Companies running SAP GTS 11 on an SAP HANA database can utilize SAP HANA Search in Sanctioned Party List Screening (SPL) in addition to classic GTS Search and TREX. However, with the introduction of SAP GTS, edition for SAP HANA, TREX is no longer an option.
As GTS users are moving from TREX to SAP HANA Search, it is crucial to understand how the SAP HANA Search differs. If you apply the same parameter settings as with TREX, GTS will produce a different outcome, and you may therefore raise questions about its reliability. So, for starters, you should definitively not copy the parameter settings directly from TREX.
Delimiters
SAP HANA Search in GTS relies heavily on the search capabilities in the HANA database and not GTS-specific logic run on the application server. Consequently, SAP HANA Search does not utilize some of the parameters you traditionally define in SAP GTS, such as, for instance, the delimiters. Delimiters separate a search string into separate words or “tokens”. Delimiters ensure that a Business Partner entry like “Erika Mustermann” is handled as two different search terms (“Erika” and “Mustermann”) and not as one search term (“Erika Mustermann”). In this case, the system sees “space” as a delimiter. Instead of GTS-specific parameters, SAP HANA Search relies on internal delimiter handling in SAP HANA. However, even here, you can change the default delimiters used by HANA Search by changing the full-text index of SPL tables.
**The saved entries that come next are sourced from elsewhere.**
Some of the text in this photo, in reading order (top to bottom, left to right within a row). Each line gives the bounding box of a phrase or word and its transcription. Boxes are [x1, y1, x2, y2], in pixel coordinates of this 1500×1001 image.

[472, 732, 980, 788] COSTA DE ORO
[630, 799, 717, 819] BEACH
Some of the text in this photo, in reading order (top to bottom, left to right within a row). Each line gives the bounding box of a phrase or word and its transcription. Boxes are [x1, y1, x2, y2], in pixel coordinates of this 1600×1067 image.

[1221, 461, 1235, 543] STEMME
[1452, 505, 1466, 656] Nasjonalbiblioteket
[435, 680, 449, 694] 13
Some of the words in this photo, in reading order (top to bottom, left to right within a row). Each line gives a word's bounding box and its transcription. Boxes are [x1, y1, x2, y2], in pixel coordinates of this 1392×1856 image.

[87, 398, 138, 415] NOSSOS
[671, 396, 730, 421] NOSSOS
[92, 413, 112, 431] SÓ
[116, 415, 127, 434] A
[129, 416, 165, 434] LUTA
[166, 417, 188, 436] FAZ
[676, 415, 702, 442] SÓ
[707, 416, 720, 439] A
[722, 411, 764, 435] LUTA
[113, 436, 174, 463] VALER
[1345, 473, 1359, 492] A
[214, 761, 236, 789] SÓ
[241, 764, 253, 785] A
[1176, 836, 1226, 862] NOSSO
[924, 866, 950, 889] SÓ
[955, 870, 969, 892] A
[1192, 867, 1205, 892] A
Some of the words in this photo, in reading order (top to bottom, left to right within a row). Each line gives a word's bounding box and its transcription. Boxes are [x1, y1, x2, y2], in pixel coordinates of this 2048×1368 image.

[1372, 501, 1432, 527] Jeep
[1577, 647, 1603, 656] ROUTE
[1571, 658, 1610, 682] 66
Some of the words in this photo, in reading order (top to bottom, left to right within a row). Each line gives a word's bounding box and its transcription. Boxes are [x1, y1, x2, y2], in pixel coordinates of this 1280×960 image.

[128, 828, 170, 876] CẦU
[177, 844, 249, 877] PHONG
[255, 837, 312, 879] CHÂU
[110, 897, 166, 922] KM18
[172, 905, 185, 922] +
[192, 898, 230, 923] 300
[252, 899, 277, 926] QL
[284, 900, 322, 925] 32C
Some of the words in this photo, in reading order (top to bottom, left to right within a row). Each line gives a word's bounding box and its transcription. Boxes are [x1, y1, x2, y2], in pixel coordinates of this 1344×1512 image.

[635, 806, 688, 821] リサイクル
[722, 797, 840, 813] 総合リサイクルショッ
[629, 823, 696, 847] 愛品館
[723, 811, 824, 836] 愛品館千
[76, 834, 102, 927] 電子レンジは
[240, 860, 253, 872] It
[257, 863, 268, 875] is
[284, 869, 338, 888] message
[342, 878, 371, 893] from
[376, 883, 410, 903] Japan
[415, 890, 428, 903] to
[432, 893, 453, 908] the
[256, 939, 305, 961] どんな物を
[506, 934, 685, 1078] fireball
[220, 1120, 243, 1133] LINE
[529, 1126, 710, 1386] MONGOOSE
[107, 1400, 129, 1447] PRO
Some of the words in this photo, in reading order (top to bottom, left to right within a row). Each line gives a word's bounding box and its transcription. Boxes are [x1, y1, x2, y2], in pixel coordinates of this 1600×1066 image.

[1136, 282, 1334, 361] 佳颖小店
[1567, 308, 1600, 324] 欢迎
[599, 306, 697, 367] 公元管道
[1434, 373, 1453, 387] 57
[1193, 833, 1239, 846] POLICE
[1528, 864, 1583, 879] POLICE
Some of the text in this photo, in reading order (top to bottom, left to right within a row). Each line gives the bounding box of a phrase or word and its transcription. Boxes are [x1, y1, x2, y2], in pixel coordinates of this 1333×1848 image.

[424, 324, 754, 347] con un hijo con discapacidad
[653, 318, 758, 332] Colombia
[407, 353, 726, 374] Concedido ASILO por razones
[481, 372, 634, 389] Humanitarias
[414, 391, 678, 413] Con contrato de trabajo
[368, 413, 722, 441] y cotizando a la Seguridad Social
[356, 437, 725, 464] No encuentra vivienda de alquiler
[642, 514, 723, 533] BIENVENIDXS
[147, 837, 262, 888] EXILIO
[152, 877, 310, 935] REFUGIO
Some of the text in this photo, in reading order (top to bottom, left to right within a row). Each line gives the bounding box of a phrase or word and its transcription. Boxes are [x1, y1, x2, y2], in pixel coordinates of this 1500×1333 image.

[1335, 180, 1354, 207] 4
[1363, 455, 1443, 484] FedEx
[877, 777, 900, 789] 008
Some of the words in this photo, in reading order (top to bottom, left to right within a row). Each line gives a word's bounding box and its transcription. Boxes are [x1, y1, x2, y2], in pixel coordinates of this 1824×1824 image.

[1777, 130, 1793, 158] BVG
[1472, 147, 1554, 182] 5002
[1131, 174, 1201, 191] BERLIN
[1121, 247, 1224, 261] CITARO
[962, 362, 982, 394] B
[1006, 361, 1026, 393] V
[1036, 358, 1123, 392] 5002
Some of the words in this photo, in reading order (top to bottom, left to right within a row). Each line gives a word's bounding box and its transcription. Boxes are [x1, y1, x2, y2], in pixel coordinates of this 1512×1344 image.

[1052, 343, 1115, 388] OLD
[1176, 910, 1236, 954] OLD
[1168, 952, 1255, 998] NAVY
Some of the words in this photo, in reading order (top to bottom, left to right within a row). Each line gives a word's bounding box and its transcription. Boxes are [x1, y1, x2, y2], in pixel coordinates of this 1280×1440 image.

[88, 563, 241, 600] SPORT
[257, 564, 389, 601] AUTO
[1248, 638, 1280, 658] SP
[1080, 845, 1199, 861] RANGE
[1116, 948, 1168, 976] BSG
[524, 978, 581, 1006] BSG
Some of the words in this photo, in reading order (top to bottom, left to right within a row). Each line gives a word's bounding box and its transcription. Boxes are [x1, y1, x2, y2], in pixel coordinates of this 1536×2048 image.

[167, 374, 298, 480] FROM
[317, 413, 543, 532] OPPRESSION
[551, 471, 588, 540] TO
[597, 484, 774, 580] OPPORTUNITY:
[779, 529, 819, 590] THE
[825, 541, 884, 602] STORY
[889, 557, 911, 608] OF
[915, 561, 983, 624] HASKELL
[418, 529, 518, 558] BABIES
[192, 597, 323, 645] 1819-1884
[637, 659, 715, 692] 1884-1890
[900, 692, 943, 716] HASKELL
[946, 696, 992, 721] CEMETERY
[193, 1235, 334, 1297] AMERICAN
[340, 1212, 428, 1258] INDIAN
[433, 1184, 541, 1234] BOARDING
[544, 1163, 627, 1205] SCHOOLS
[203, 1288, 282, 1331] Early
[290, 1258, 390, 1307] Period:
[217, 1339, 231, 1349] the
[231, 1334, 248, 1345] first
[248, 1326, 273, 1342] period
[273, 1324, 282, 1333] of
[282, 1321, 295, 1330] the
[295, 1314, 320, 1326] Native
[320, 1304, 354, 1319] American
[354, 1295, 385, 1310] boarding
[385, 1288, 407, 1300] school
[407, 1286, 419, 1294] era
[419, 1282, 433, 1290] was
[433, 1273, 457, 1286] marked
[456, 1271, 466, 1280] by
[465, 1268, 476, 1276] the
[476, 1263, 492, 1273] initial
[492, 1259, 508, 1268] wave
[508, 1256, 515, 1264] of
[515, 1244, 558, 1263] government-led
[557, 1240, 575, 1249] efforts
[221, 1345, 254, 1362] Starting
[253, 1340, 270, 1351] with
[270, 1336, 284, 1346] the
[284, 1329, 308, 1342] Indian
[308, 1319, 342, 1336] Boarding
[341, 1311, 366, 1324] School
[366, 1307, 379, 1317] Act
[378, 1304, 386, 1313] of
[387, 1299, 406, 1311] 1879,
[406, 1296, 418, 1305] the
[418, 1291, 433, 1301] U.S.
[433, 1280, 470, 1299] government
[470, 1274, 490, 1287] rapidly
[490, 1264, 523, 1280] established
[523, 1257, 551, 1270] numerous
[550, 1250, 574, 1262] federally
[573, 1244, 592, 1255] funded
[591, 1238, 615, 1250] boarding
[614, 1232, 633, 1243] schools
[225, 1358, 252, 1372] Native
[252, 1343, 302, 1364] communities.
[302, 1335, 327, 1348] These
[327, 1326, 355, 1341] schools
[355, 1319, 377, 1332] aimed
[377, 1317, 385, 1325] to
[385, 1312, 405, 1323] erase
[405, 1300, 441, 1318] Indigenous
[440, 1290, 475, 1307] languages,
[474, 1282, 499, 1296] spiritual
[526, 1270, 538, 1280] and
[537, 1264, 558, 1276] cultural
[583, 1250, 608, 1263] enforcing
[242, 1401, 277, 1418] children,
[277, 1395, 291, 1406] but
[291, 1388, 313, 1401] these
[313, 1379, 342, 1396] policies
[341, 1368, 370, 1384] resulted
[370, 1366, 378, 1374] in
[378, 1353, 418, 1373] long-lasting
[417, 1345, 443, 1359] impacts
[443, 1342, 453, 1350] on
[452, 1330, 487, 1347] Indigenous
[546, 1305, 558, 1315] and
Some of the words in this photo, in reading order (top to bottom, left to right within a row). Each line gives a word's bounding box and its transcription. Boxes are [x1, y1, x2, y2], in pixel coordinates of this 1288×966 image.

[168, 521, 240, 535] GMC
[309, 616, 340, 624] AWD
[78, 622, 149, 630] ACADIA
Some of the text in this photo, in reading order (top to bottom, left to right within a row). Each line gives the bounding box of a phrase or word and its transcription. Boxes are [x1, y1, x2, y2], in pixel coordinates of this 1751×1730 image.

Standard SAP HANA Search delimiters are \/;,.:-_()[]<>!?*@+{}="&
Standardization of Letters and Terms
Be aware that all characters are replaced by lowercase characters without any diacritics before the comparison takes place. This is called standardization. Therefore, it is possible to get a 100% match when comparing two unequal terms, because the standardization process returned two identical terms.
Details on how SAP HANA Search standardize letters can be found here:
https://help.sap.com/docs/SAP_HANA_PLATFORM/691cb949c1034198800afde3e5be6570/ce6c4480bb571014a44fdf7...
Stopwords
SAP HANA Search handles the defined Exclusion Texts (words) differently. TREX and GTS Search ignore these words completely. In SAP HANA Search, exclusion words are called stopwords. Stopwords are terms that are less significant for a search, for instance, abbreviations such as Ltd, AG, SE etc. Search is carried out as though the stopwords did not exist (either in the business partner or the SPL entry). However, stopwords influence the calculated fuzzy core. For example, an SPL entry with stopwords identical to the Business Partner record gets a higher score than one with differing or missing stopwords.
Term Mappings
Term mappings can extend the search by adding additional search terms to the Business Partner record. Term Mappings will expand the search term, and synonyms, hypernyms, and hyponyms will be added. For instance, adding the complete form “Aktiengesellschaft” when the abbreviation AG is used or “United States” when “U.S.” is used. When stopwords and term mappings are combined in a single query, term mappings are applied first. Stopwords are then applied to all search term variations created by the term mappings.
Search Parameters
For each comparison procedure, you can define four critical parameters. The parameters influence the outcome later presented as SPL hits. The first three parameters, all represented as percentages between 0 and 100, are:
Search Parameters
Exactness
Percentage
Rate
of Matching Words
Minimum Score
In addition, there is a toggle selection called “
Symmetric Search”.
SAP HANA Search represented as Rocket Science
Exactness
Exactness represents the first stage in the screening process. Every word (referred to as tokens) in the Business Partner search string will receive an exactness score or a fuzzy score.
The fuzzy search algorithm calculates a fuzzy score for each string comparison. The higher the score, the more similar the strings are. A score of 1.0 means the strings are identical. A score of 0.0 means the strings have nothing in common.